A Pre-Print-Analyse der gleichen Abstriche, die vom chinesischen Zentrum für die Kontrolle und Prävention von Krankheiten (CCDC) im Februar 2022 veröffentlicht wurden, behaupteten, sie hätten Spuren menschlicher DNA und des Coronavirus enthalten, zeigten jedoch keine Hinweise darauf, welche Arten von Tieren am wahrscheinlichsten Vektoren für das Virus waren.

Ihre Ergebnisse stützten die Argumente einiger chinesischer Beamter, dass der Wuhan-Markt lediglich ein Ort war, an dem sich das Virus unter Menschen verbreitete, und nicht die Wiege, in der es seinen ersten schicksalhaften Sprung von Tieren zu Menschen machte. Aber als Débarre und ihre Kollegen dieselben Daten analysierten, erhielten sie ein anderes Ergebnis. „Es war mehrmals der lateinische Name für Marderhund“, sagt sie. „Das war eine der größten Emotionen meines Lebens.“

Marderhunde, allesfressende ostasiatische Cousins ​​des Fuchses, sind sehr anfällig für Coronavirus-Infektionen und scheiden das Virus in ausreichenden Mengen aus, um Tiere und Menschen in ihrer Umgebung zu infizieren. Mit anderen Worten: Es wurde bestätigt, dass ein Verdächtiger am Tatort anwesend war.

Débarre betont, dass in den Abstrichen auch andere tierische DNA gefunden wurde und dass es immer noch keinen schlüssigen Beweis dafür gibt, dass Marderhunde auf dem Markt das Virus trugen oder das Vehikel für sein erstes Übergreifen auf die Menschheit waren. „Aber jetzt lässt sich nicht mehr leugnen, dass sie da waren“, sagt sie.

Der nächste Schritt wird darin bestehen, die illegalen Lieferketten zu untersuchen, die die Marderhunde und andere Tiere im Winter 2019 auf den Wuhan-Markt brachten, und zu sehen, ob sie möglicherweise näher an das ursprüngliche Reservoir des Virus führen, von dem immer noch vermutet wird, dass es sich um Fledermäuse handelt.

Aber ein Schritt vorwärts bei der Lösung eines Rätsels hat andere hervorgebracht.

In Übereinstimmung mit den Regeln der Gisaid-Datenbank sagte Débarre, ihr Team habe sich an die chinesischen Wissenschaftler gewandt, die die genetischen Daten online gestellt hatten, um sie um Erlaubnis zu bitten, sie zu analysieren, was ihrer Meinung nach gewährt wurde. Einen Tag später schrieben sie erneut eine E-Mail, um ihre Entdeckung mitzuteilen, dass Marderhund-DNA in den Sequenzen vorhanden war.

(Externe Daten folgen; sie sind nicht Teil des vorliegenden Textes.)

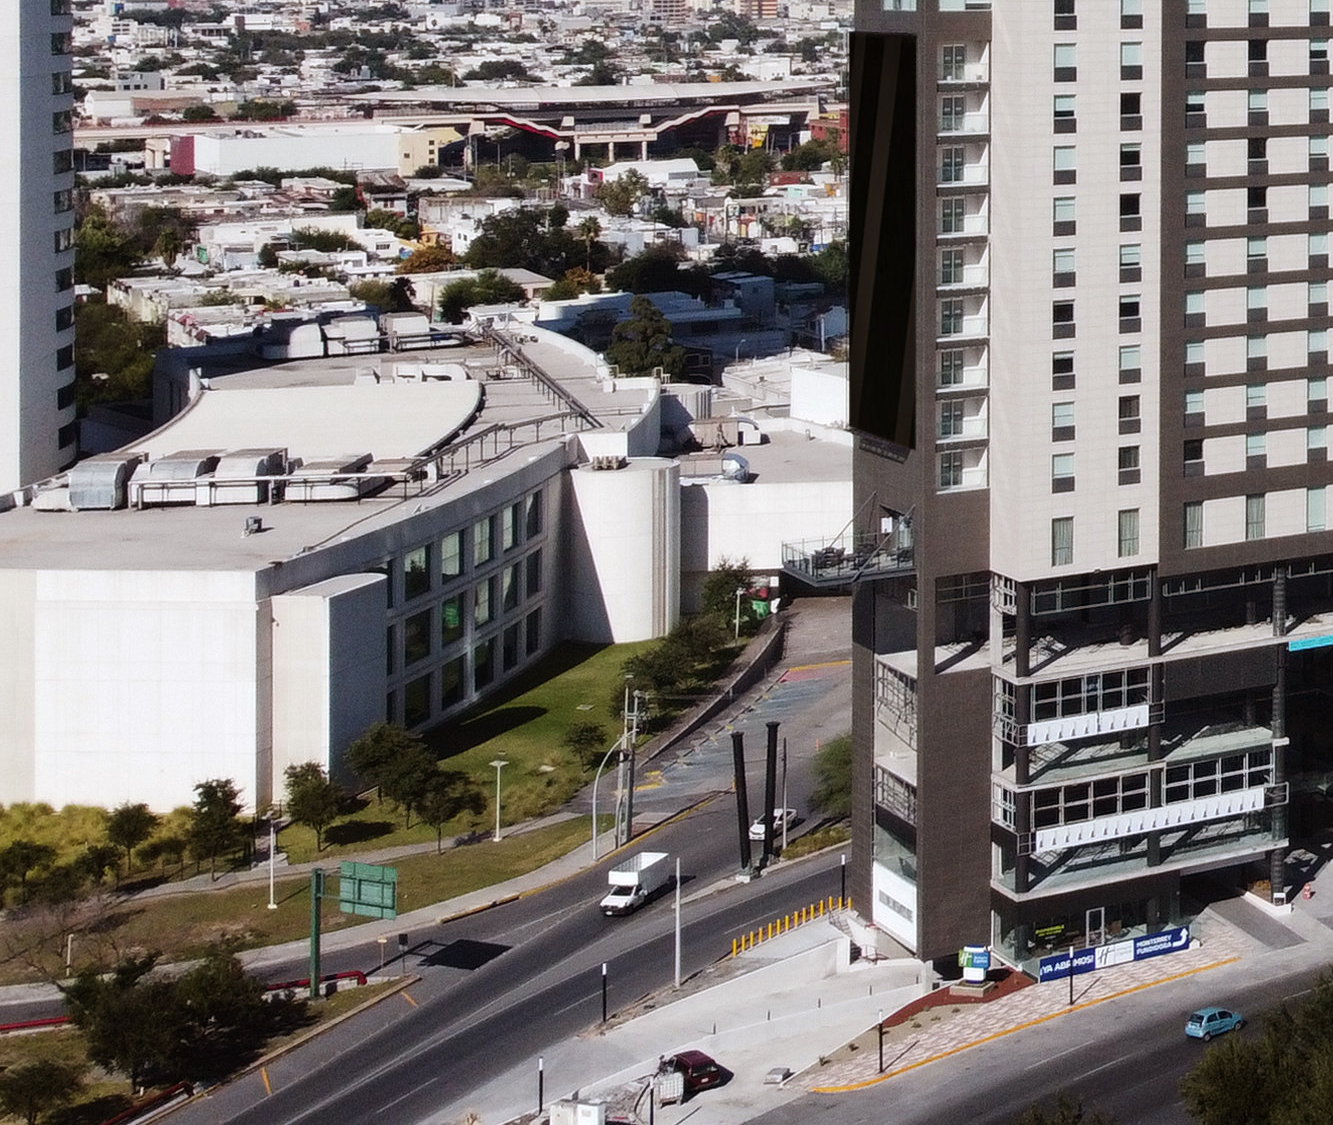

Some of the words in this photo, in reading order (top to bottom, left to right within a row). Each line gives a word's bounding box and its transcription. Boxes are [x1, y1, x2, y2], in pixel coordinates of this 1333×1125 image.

[1136, 934, 1172, 948] MONTERREY
[1136, 941, 1172, 955] FUNDIDORA
[1054, 955, 1094, 971] ABRMOS!

Am nächsten Tag waren die Akten unzugänglich gemacht worden, offenbar auf Wunsch der chinesischen Forscher, zu denen auch der Top-Virologe George Gao gehört, ein ehemaliger Generaldirektor des CCDC. „Wir waren schockiert“, sagt Débarre. „Aber nicht überrascht.“

Ein Mitglied ihres Teams hat sich mit ihren chinesischen Kollegen in Verbindung gesetzt, um herauszufinden, warum die Daten weggesperrt wurden. „Es ist eine komplizierte Geschichte“, sagt Débarre zart. „Die kurze Antwort ist, dass wir im Moment nicht zusammenarbeiten. Aber diese Zusammenarbeit wurde angeboten [by her team].“

Das sagte Gisaid in einer Erklärung es entfernte die Sequenzen nicht sichtbar, weil sie unvollständig und Teil einer Studie waren, die noch einer Peer-Review unterzogen wurde, was darauf hindeutet, dass Débarre und ihr Team die chinesischen Wissenschaftler möglicherweise „geschöpft“ hätten, wenn sie zuerst veröffentlicht hätten. Débarre sagte, ihr Team habe sich nach besten Kräften um eine Zusammenarbeit bemüht und ihr Bericht sei nie dazu gedacht gewesen, mit einem von Experten begutachteten Zeitschriftenartikel zu konkurrieren. Gao lehnte es ab, auf eine Bitte um Stellungnahme zu antworten.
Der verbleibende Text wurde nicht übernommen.